Cuando llegaban las fiestas, Dorotea y doña Matilde se encargaban de vestir las imágenes. Las dos mujeres encerradas en la iglesia cumplían su cometido con reverencia. Don Roque, el sacristán, después de bajar a los
santos se alejaba respetuoso y las dejaba solas. —¡Queremos ver a la Virgen desnuda! —gritaban Isabel y sus hermanos al entrar a la iglesia corriendo y por sorpresa (Primera parte, Cap. II).

Las imágenes religiosas no se concentran solo en el espacio de la iglesia, sino que acompañan la vida cotidiana de los personajes: "La única habitación que ocupaba Dorotea tenía las paredes tapizadas de abanicos que habían pertenecido a su madre. Había también imágenes santas y un olor a pabilo y a cera quemada" (Primera parte, Cap. II).

Incluso, hay momentos en que la imaginería religiosa combina lo católico con lo pagano: "Conchita oyó el reproche de su madre y silenciosamente colocó debajo de la cama de doña Elvira la bandeja con agua para ahuyentar al espíritu del 'Malo'; luego puso la Magnífica y el rosario entre las fundas de las almohadas." (Primera parte, Cap. IV).
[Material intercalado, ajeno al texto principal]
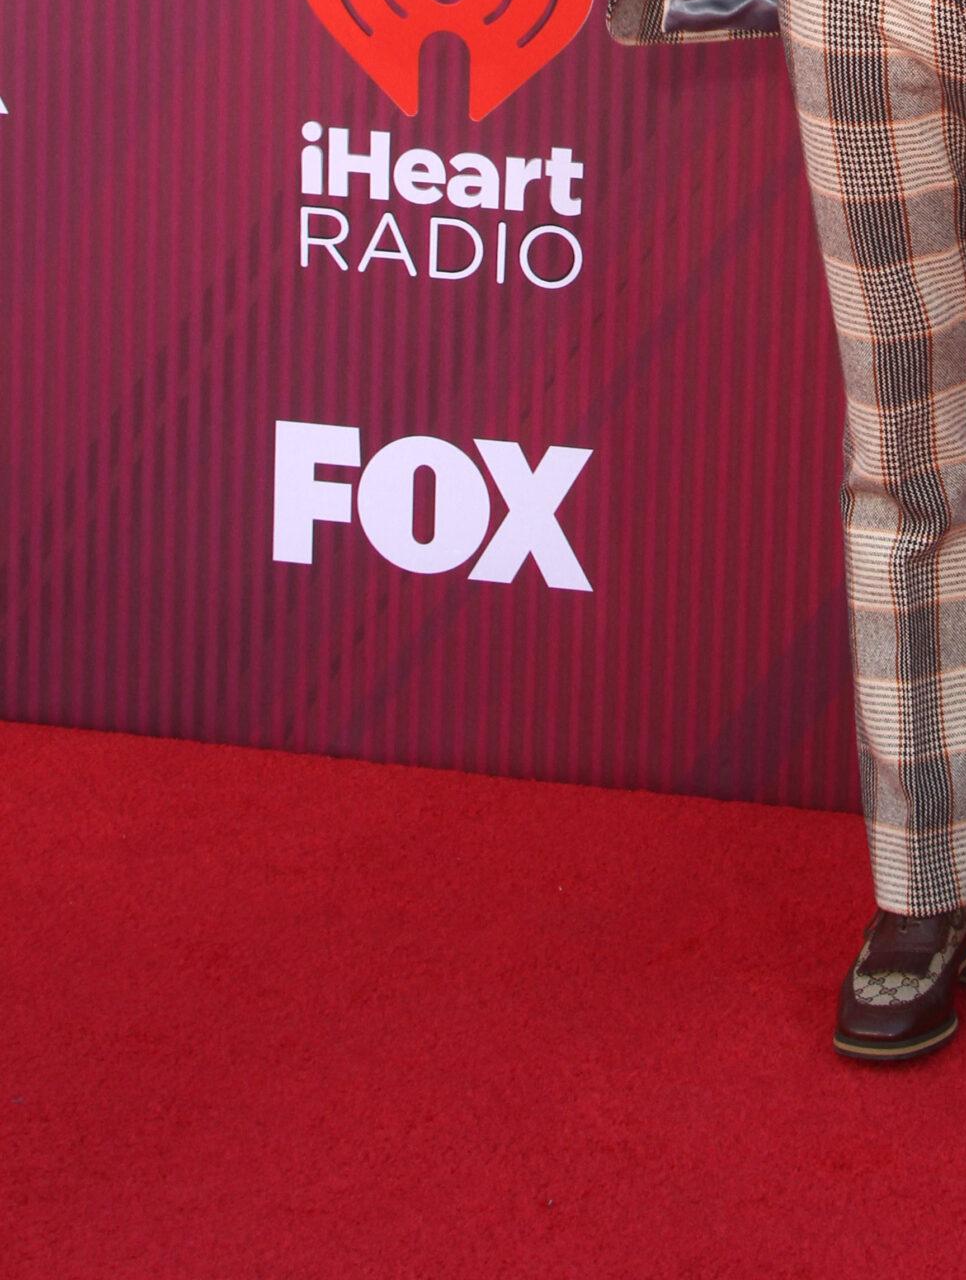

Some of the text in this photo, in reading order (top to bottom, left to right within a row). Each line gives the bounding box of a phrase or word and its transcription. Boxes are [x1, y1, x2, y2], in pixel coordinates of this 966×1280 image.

En particular, la imaginería de la religión católica se vuelve aún más importante en la segunda parte del libro, cuando el conflicto por los cultos religiosos adquiere centralidad. Dice el narrador, por ejemplo:

Así fue como vi arder a la Virgen y vi también su manto convertido en una larga llamarada azul. Cuando esto sucedía, los militares entraban al curato y volvían cargados de papeles que arrojaban a la hoguera sin ningún sobresalto. En la plaza quedó un montón de cenizas que se dispersó poco a poco (Segunda parte, Cap. II).
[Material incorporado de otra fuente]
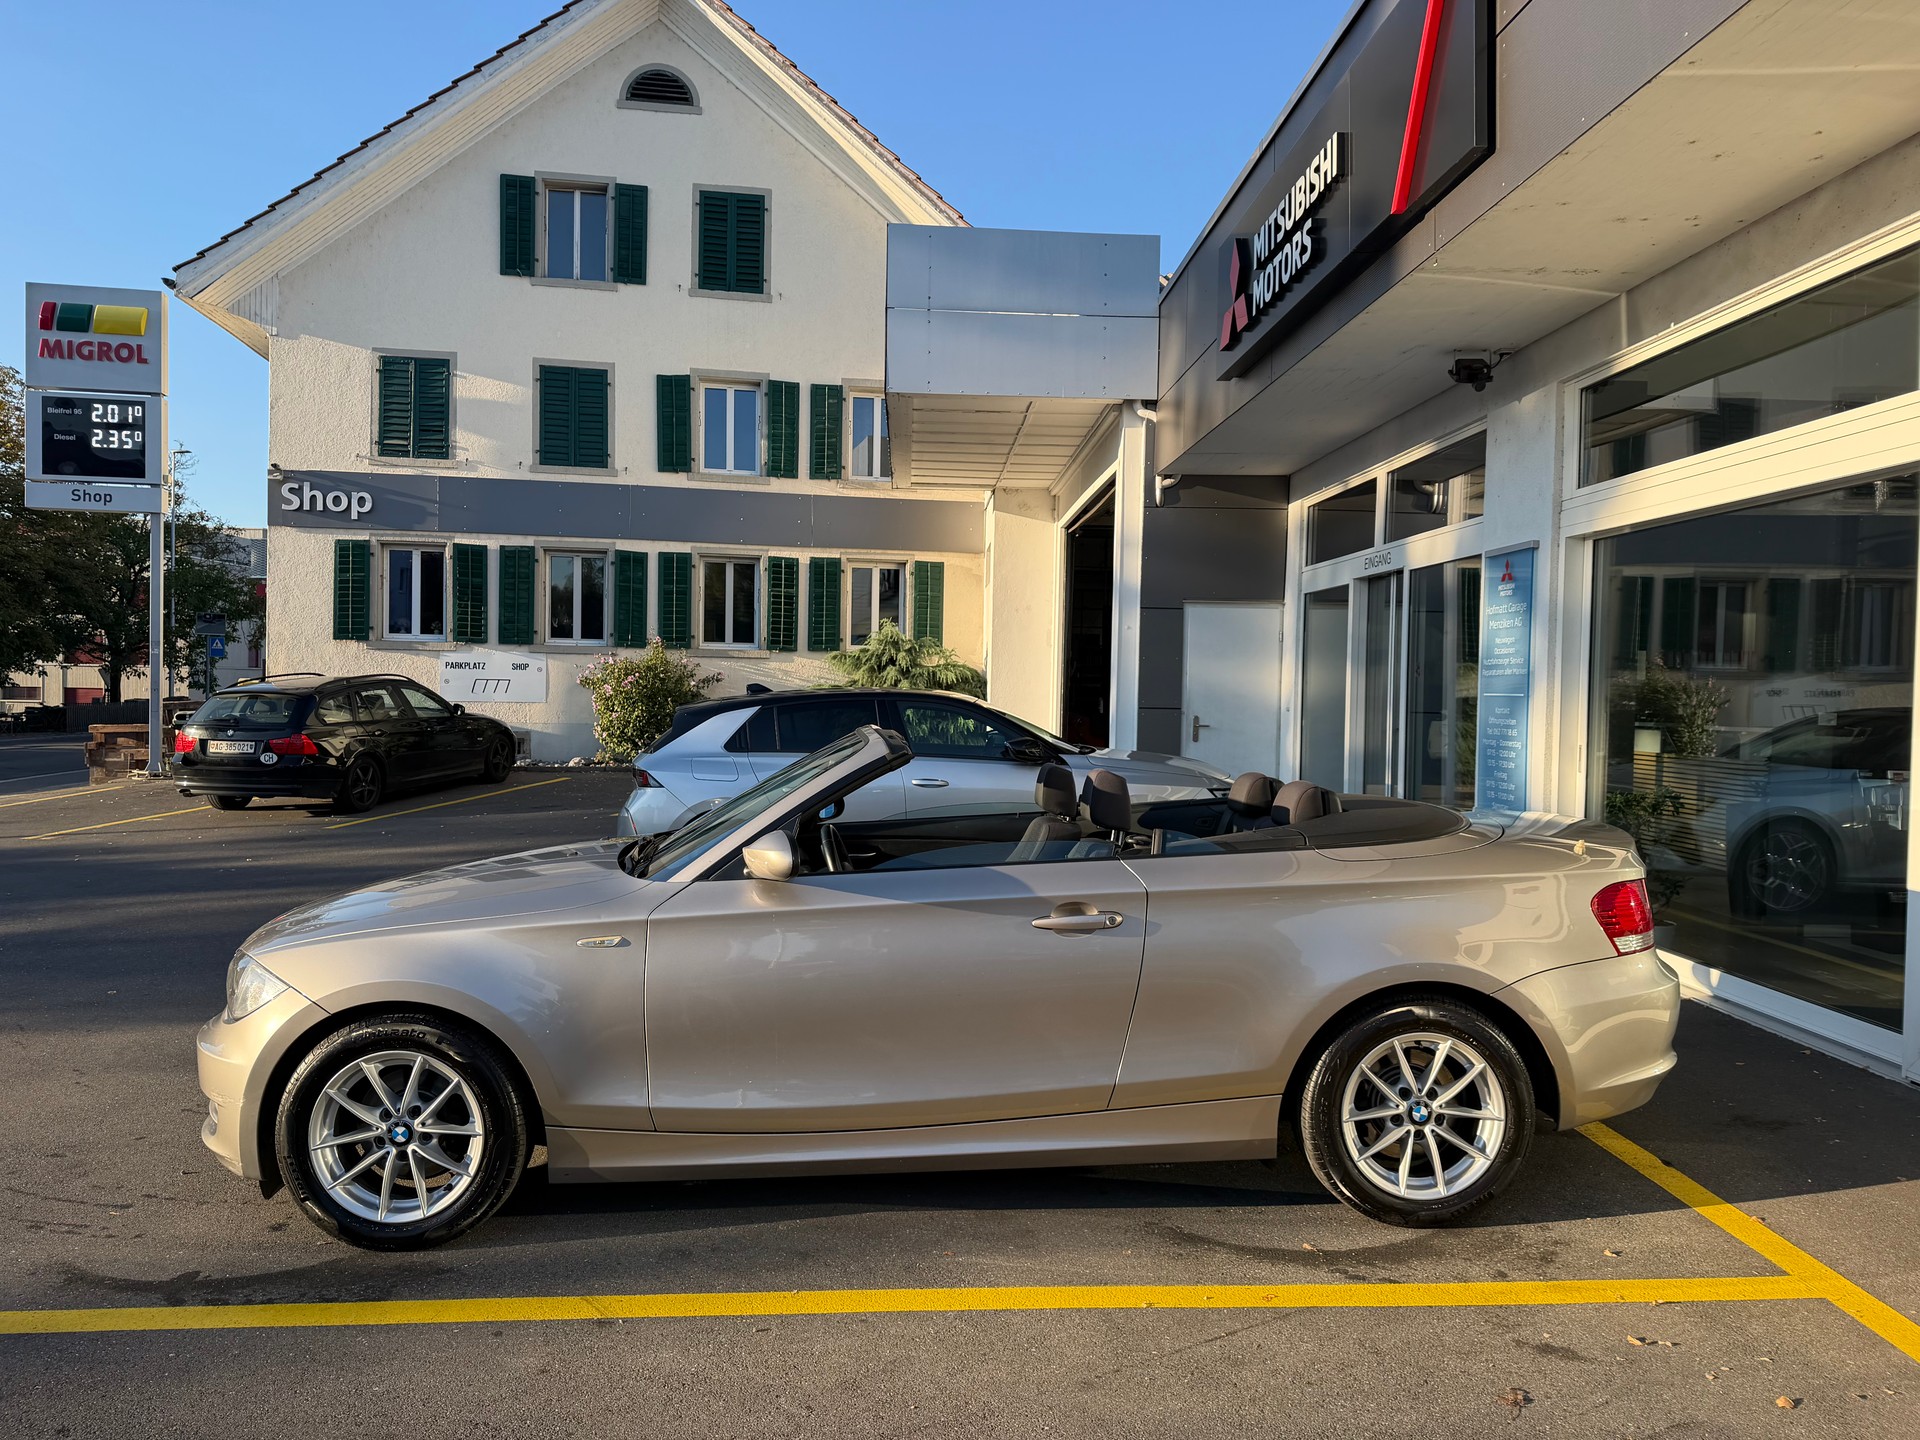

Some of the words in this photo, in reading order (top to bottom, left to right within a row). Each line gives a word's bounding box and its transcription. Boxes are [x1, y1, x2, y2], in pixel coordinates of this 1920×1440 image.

Así como la persecución que comienza en esta segunda parte del libro se muestra a través de este tipo de imágenes de figuras católicas destruidas (la Virgen prendida fuego, el atrio en cenizas, las flores de los santos machacadas, etc.) la imagen de Cristo pasa a convertirse en señal de la resistencia: "Y mientras esperábamos, aparecieron los primeros carteles pegados en las puertas de las casas y del curato. En los carteles estaba el Paño de la Verónica con el Rostro de Cristo y una misteriosa leyenda: «¡Viva Cristo Rey!»" (Segunda parte, Cap. II).